What were the biggest problems encountered?: Most of the examples in the document are using two PAN1762 but we only have one for the review. It makes it a bit tougher to do the evaluation.

Detailed Review:

The package came in a big box, which contains another smaller package which houses the unit, sealed in a static-proof bag.

 

 

 

The device is interesting since it has a debugger and usb-uart built-in.It can operate in 2 modes, host and standalone. In host-mode, the device relies on the external cpu (the one from the computer it's attached to) to execute the code; in standalone, the embedded cpu is used (Cortex-M0). The header at the bottom contains VCC, GPIO pins 0-10 and GND and the one on top VCC, GPIO 11-17, and GND. You can set the working mode by changing the jumper on GPIO pin 1 (VCC for host, GND for standalone).

 

 

Testing the device proved to be a little more complicated since all examples that are mentioned in the SDK documentation are using 2 devices but we only got one for the review.

 

Using the beacon sample, the device performed as any ordinary beacon and the range was the same as another beacon (RuuviTag) that was transmitting next to the pan1762.

 

Bluetooth 5 enables higher speed transfer and longer distance; testing the transfer speed would ideally require 2 devices and the iPhone doesn't recognize the device so it was not going to be possible for me.

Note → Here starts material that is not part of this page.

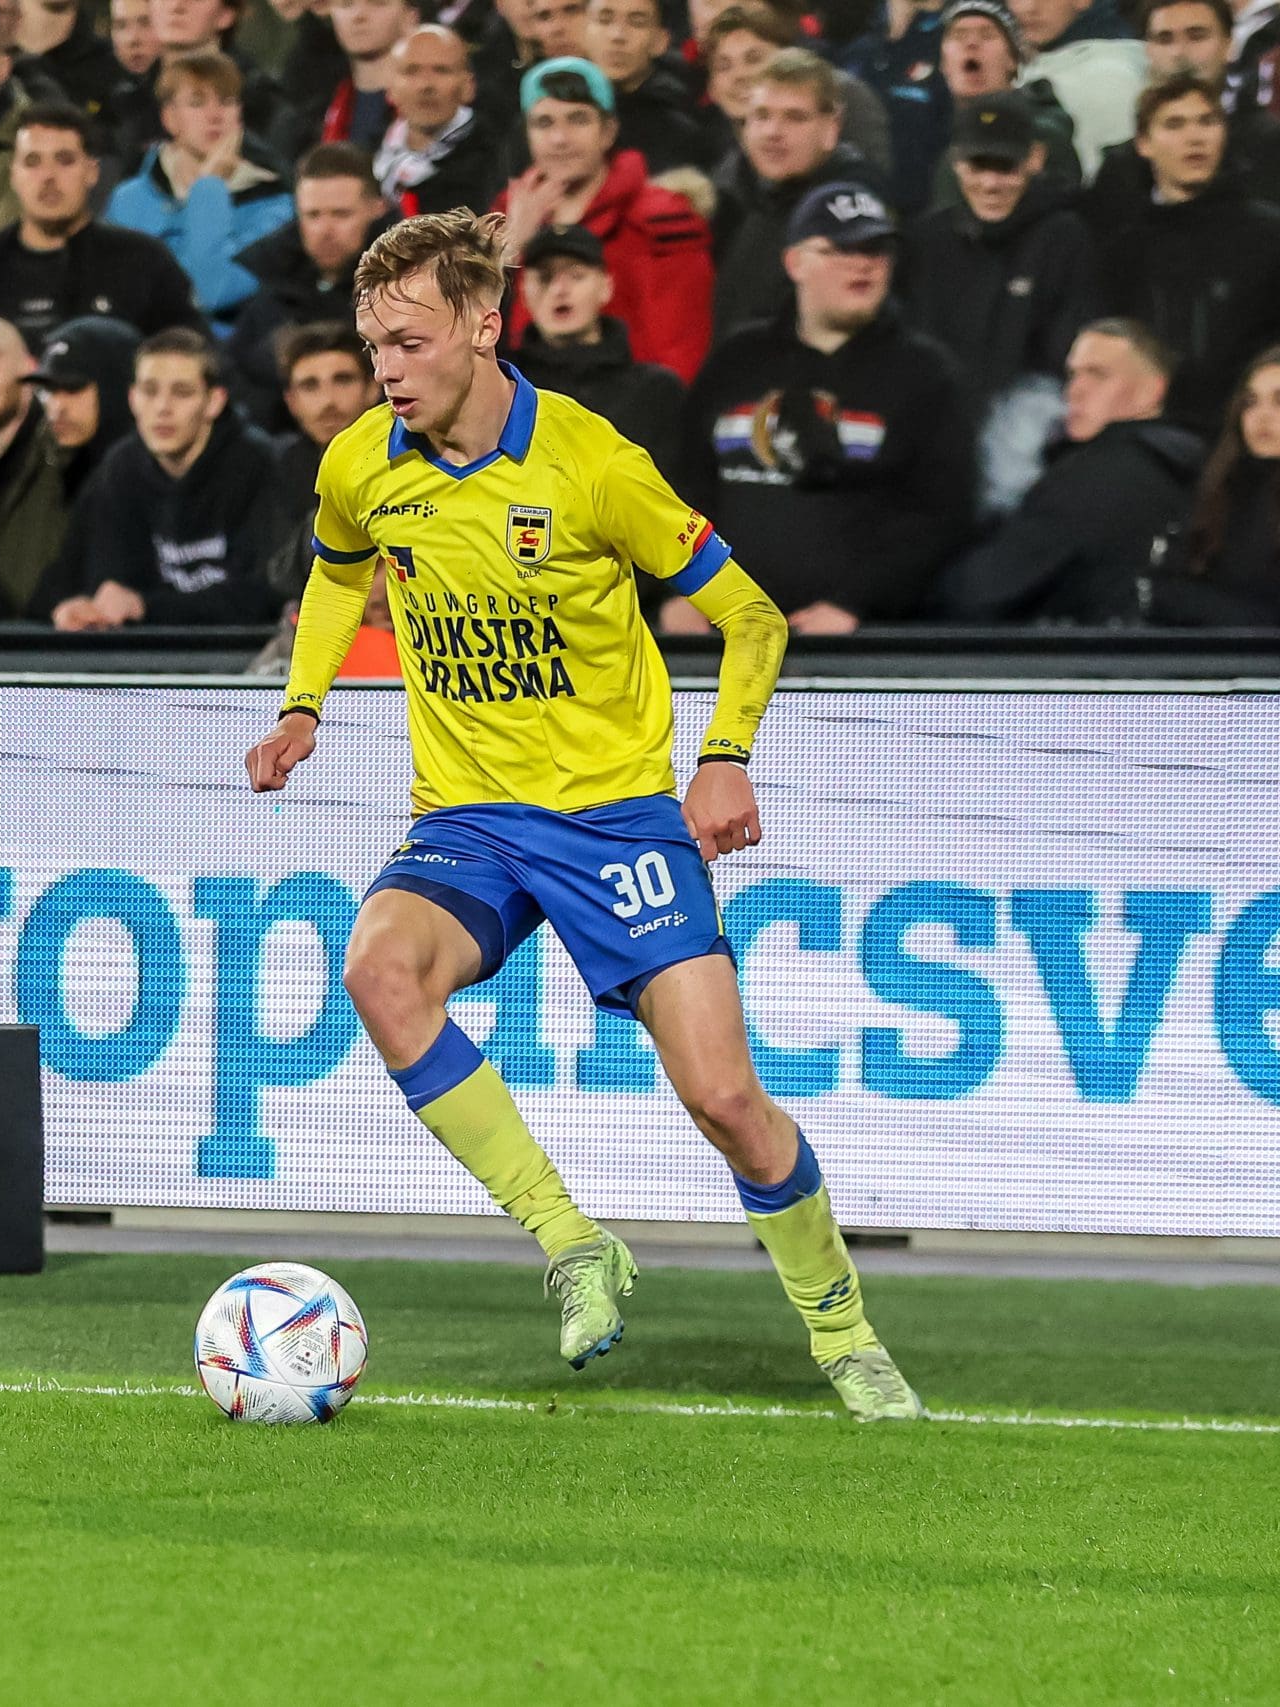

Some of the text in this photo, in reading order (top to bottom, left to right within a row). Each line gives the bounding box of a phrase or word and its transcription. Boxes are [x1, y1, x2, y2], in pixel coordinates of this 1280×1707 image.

[405, 608, 569, 661] DIJKSTRA
[599, 850, 676, 919] 30
[629, 914, 673, 939] CRAFT

As for the distance, a regular beacon application scanner on the phone showed the

 

An application for Android 5 comes with the SDK; unfortunately, the only android device I had on hands stopped at version 4.4. It would be nice if the sdk would come with an application for iOS devices as none are available at the moment.

 

As stated above, one of the examples is a simple beacon; it performs as an ordinary beacon, having a RSSI of -92 when being 1420 cm away from it.

 

I couldn't use my raspberry pi to make some tests as the SD card wouldn't reprogram properly under windows 10 and I couldn't find a linux box to put the proper image on the SD.

 

Programming the device can be done using an IDE like Visual Studio or Eclipse for the host-mode, and Keil or IAR Workbench for standalone. There's a learning curve with both approach, with the host-mode being the easiest. Needless to say, providing more examples using only one device would benefit the manufacturer as well as the end-user.

 

In conclusion, the device is a nice piece to have to experiment with the new bluetooth standard but it would be better to have 2 units to save from the hassle of finding the right driver/dongle/device to make full usage of the features available. One word of caution, it is not for the faint of heart as the learning required to program it requires some time and mostly patience.